[WORK REQUIRED] In the records that follow, skip the pictures and print everything else exactly.

# # # # #

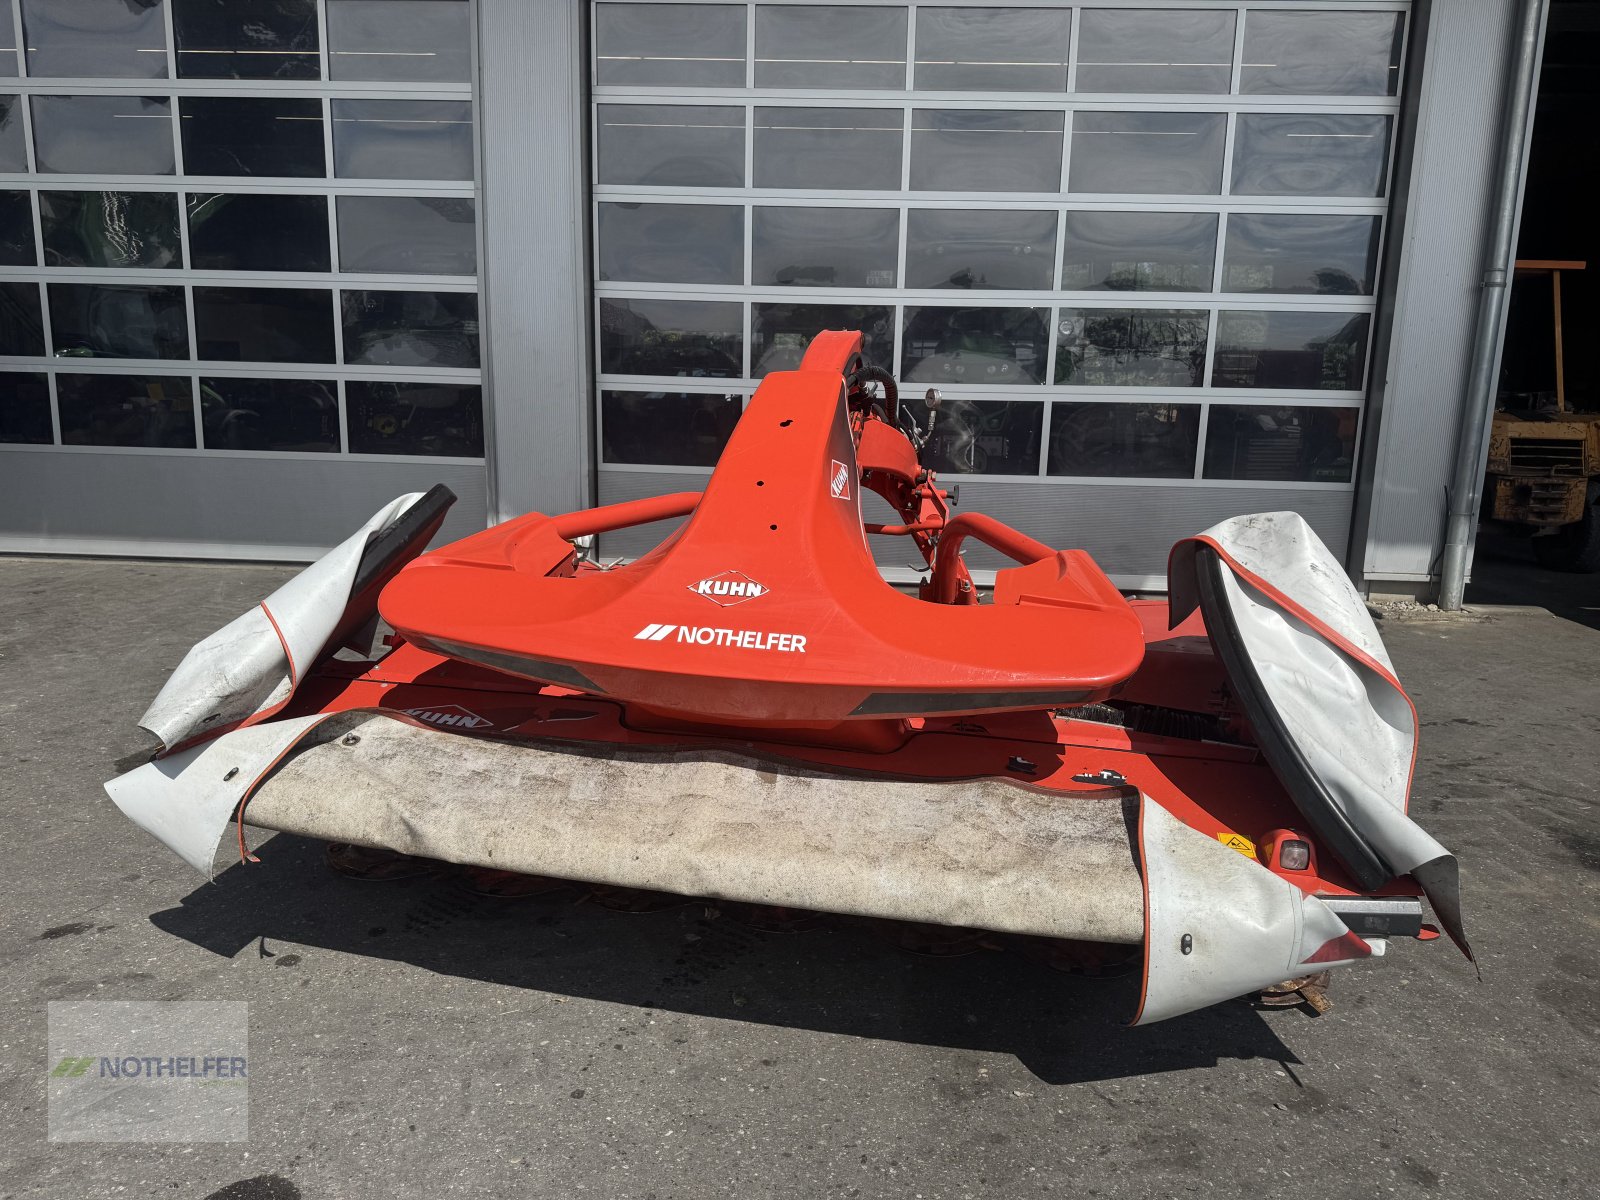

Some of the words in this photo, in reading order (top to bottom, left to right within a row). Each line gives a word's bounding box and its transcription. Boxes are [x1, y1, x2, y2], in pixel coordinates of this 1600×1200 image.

[832, 464, 848, 497] KUHN
[698, 580, 762, 597] KUHN
[677, 625, 807, 653] NOTHELFER
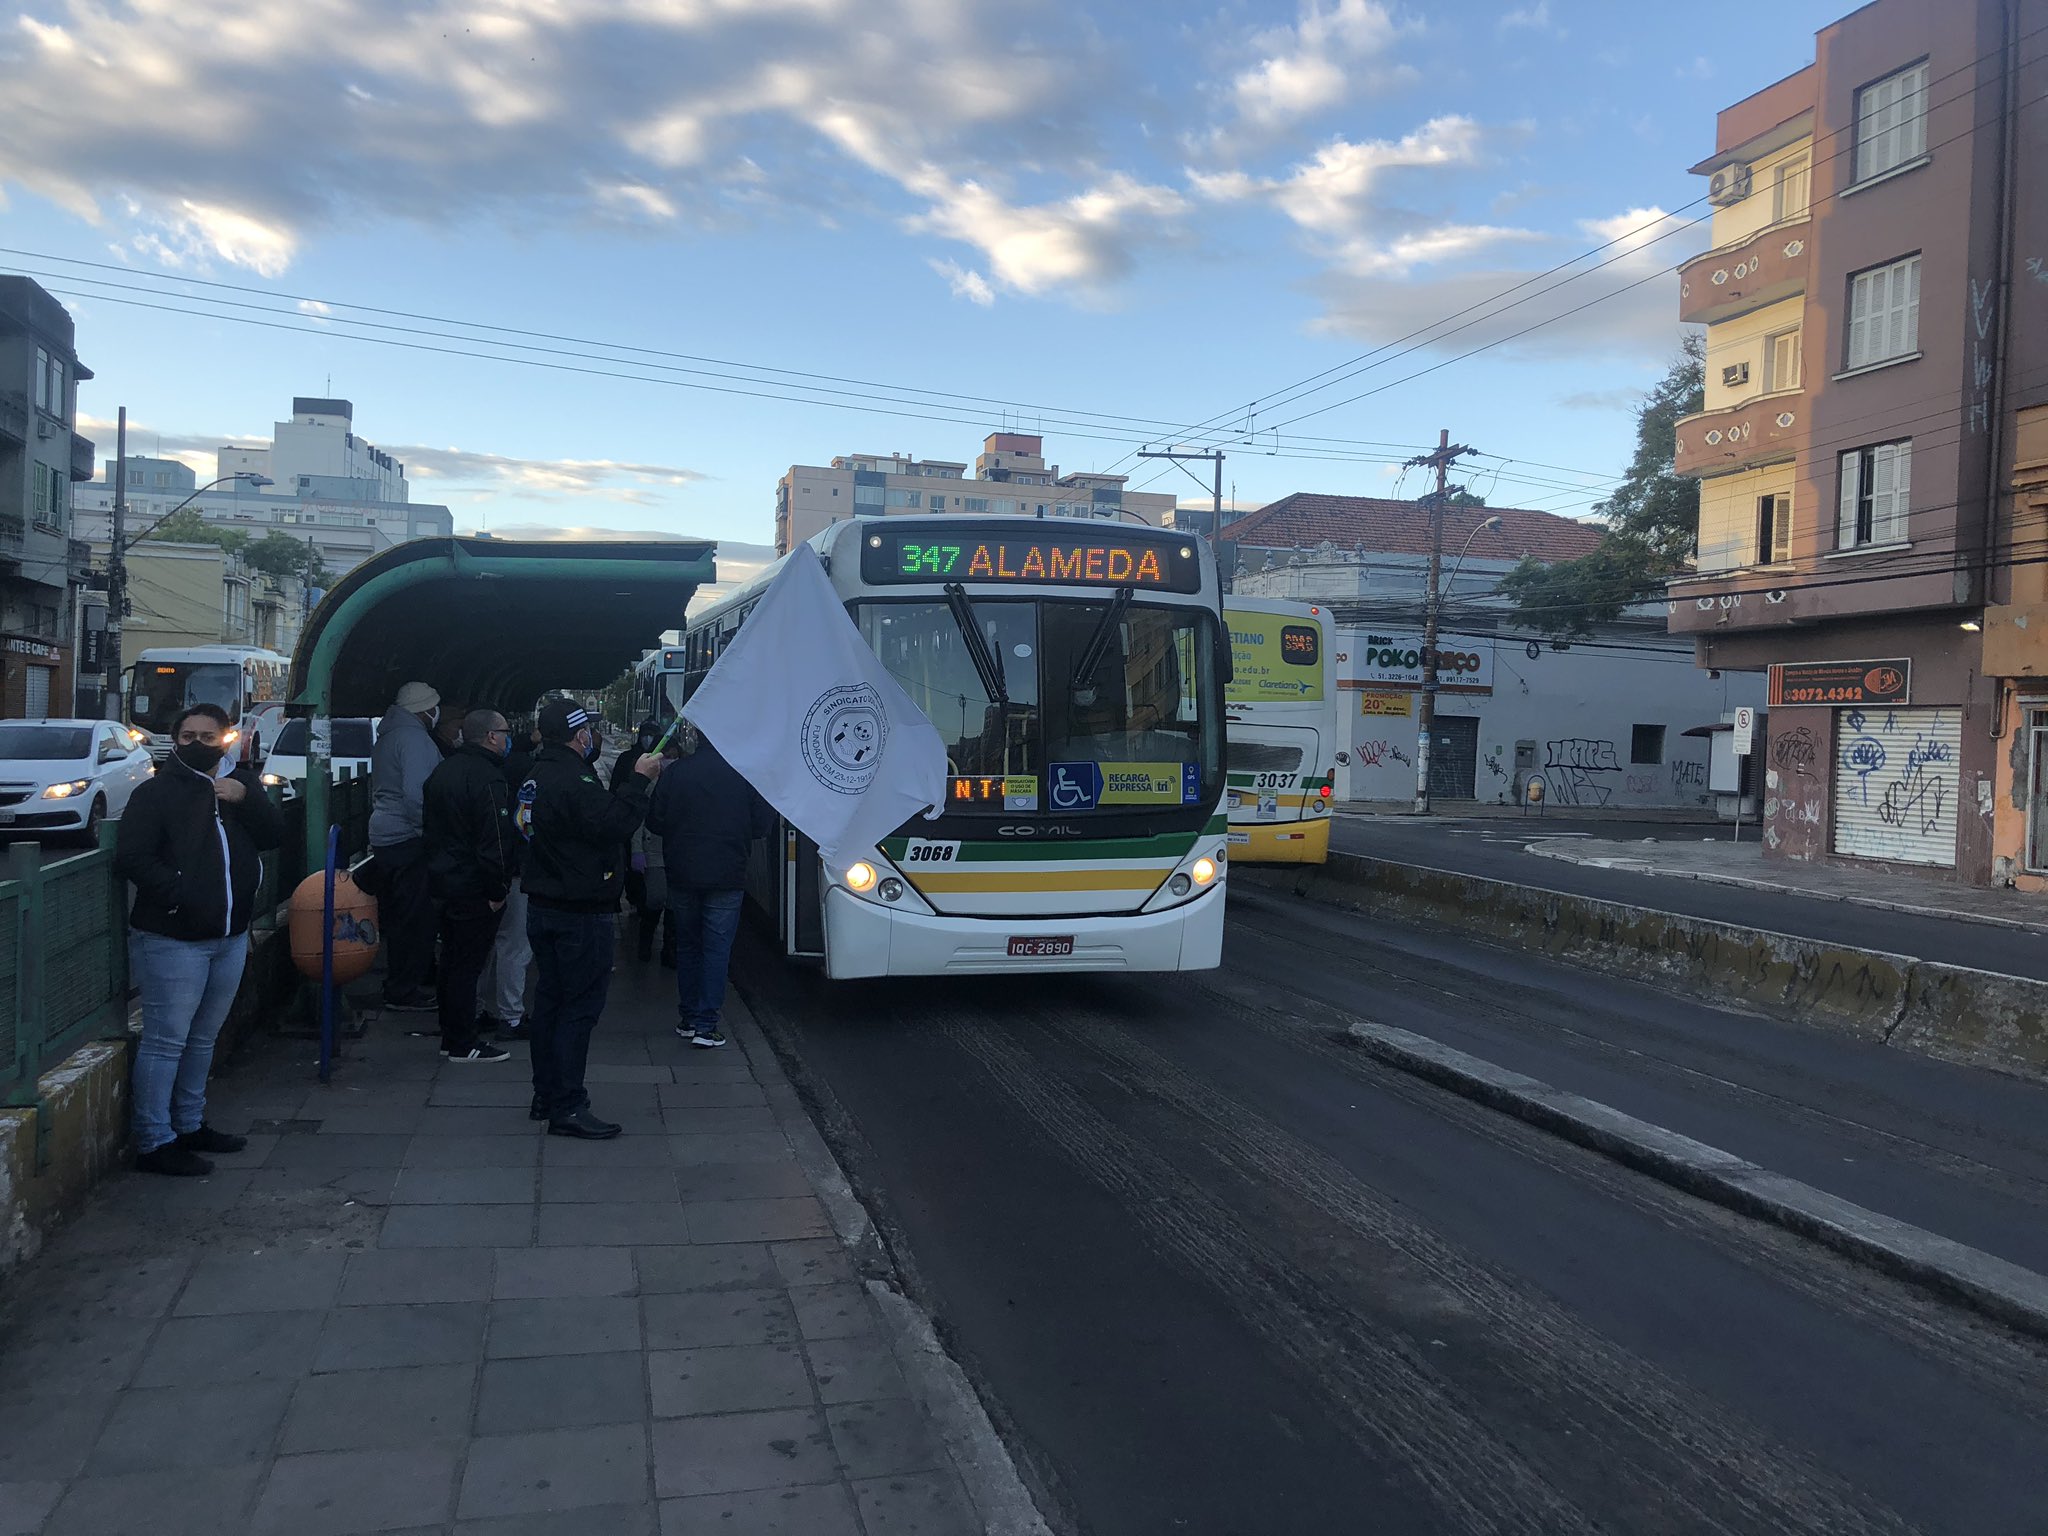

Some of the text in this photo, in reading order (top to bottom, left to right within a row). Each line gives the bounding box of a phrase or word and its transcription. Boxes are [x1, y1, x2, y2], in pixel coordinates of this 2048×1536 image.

# # # # #

[OUTPUT OF THE EXERCISE]
Some of the words in this photo, in reading order (top to bottom, left to right within a row). Each line gives a word's bounding box and its transcription. Boxes are [x1, y1, x2, y2], in pixel coordinates of this 1600×1200 image.

[832, 464, 848, 497] KUHN
[698, 580, 762, 597] KUHN
[677, 625, 807, 653] NOTHELFER

Some of the text in this photo, in reading order (top to bottom, left to right within a row). Each line gives the bounding box of a phrase or word and its transcription. Boxes are [x1, y1, x2, y2], in pixel coordinates of this 2048×1536 image.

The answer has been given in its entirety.